_Task prompt_
Reproduce the entries that follow verbatim, down to the final line.

=== Begin Enclosure ===

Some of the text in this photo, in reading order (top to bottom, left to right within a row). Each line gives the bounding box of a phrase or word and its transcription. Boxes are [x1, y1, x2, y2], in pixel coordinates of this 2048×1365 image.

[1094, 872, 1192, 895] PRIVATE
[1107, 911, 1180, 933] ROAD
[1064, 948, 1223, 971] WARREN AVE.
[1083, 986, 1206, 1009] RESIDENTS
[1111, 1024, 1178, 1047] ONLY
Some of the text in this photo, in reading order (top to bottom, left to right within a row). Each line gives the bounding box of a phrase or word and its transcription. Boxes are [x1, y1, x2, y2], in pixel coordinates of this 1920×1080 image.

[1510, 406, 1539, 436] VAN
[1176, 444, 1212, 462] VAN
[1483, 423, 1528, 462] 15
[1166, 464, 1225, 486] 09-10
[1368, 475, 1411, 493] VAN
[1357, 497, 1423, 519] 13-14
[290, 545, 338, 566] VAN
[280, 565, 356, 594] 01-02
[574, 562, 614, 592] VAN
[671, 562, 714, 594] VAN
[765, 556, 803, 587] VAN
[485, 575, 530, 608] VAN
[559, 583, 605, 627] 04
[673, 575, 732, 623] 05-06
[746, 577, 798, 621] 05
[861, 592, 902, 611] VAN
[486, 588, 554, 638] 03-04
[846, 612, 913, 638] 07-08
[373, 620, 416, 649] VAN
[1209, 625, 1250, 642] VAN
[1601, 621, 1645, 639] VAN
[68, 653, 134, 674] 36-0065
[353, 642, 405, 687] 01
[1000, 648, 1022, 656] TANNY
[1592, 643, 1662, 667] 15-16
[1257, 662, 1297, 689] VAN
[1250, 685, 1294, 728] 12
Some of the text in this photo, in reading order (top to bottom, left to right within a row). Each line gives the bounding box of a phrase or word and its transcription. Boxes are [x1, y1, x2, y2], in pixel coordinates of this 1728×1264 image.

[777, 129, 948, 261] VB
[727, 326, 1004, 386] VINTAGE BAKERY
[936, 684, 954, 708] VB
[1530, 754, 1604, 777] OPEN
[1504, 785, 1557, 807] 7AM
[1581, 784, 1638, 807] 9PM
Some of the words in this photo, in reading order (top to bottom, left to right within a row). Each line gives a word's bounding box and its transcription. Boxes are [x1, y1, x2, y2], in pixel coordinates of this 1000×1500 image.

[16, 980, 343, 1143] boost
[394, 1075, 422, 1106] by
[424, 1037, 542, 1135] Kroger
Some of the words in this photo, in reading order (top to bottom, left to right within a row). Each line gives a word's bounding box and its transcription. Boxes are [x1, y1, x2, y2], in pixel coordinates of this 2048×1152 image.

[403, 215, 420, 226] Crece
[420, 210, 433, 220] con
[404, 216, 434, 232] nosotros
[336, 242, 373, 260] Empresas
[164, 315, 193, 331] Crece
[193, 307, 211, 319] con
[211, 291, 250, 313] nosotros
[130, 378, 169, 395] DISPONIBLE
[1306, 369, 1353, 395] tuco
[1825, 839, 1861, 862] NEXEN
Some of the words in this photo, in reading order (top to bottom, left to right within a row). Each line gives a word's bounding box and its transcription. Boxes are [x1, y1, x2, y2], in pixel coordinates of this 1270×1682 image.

=== End Enclosure ===

_Problem solution_
Some of the text in this photo, in reading order (top to bottom, left to right within a row). Each line gives the bounding box of a phrase or word and its transcription. Boxes are [x1, y1, x2, y2], in pixel coordinates of this 2048×1365 image.

[1094, 872, 1192, 895] PRIVATE
[1107, 911, 1180, 933] ROAD
[1064, 948, 1223, 971] WARREN AVE.
[1083, 986, 1206, 1009] RESIDENTS
[1111, 1024, 1178, 1047] ONLY
Some of the text in this photo, in reading order (top to bottom, left to right within a row). Each line gives the bounding box of a phrase or word and its transcription. Boxes are [x1, y1, x2, y2], in pixel coordinates of this 1920×1080 image.

[1510, 406, 1539, 436] VAN
[1176, 444, 1212, 462] VAN
[1483, 423, 1528, 462] 15
[1166, 464, 1225, 486] 09-10
[1368, 475, 1411, 493] VAN
[1357, 497, 1423, 519] 13-14
[290, 545, 338, 566] VAN
[280, 565, 356, 594] 01-02
[574, 562, 614, 592] VAN
[671, 562, 714, 594] VAN
[765, 556, 803, 587] VAN
[485, 575, 530, 608] VAN
[559, 583, 605, 627] 04
[673, 575, 732, 623] 05-06
[746, 577, 798, 621] 05
[861, 592, 902, 611] VAN
[486, 588, 554, 638] 03-04
[846, 612, 913, 638] 07-08
[373, 620, 416, 649] VAN
[1209, 625, 1250, 642] VAN
[1601, 621, 1645, 639] VAN
[68, 653, 134, 674] 36-0065
[353, 642, 405, 687] 01
[1000, 648, 1022, 656] TANNY
[1592, 643, 1662, 667] 15-16
[1257, 662, 1297, 689] VAN
[1250, 685, 1294, 728] 12
Some of the text in this photo, in reading order (top to bottom, left to right within a row). Each line gives the bounding box of a phrase or word and its transcription. Boxes are [x1, y1, x2, y2], in pixel coordinates of this 1728×1264 image.

[777, 129, 948, 261] VB
[727, 326, 1004, 386] VINTAGE BAKERY
[936, 684, 954, 708] VB
[1530, 754, 1604, 777] OPEN
[1504, 785, 1557, 807] 7AM
[1581, 784, 1638, 807] 9PM
Some of the words in this photo, in reading order (top to bottom, left to right within a row). Each line gives a word's bounding box and its transcription. Boxes are [x1, y1, x2, y2], in pixel coordinates of this 1000×1500 image.

[16, 980, 343, 1143] boost
[394, 1075, 422, 1106] by
[424, 1037, 542, 1135] Kroger
Some of the words in this photo, in reading order (top to bottom, left to right within a row). Each line gives a word's bounding box and its transcription. Boxes are [x1, y1, x2, y2], in pixel coordinates of this 2048×1152 image.

[403, 215, 420, 226] Crece
[420, 210, 433, 220] con
[404, 216, 434, 232] nosotros
[336, 242, 373, 260] Empresas
[164, 315, 193, 331] Crece
[193, 307, 211, 319] con
[211, 291, 250, 313] nosotros
[130, 378, 169, 395] DISPONIBLE
[1306, 369, 1353, 395] tuco
[1825, 839, 1861, 862] NEXEN
Some of the words in this photo, in reading order (top to bottom, left to right within a row). Each line gives a word's bounding box and its transcription. Boxes are [x1, y1, x2, y2], in pixel coordinates of this 1270×1682 image.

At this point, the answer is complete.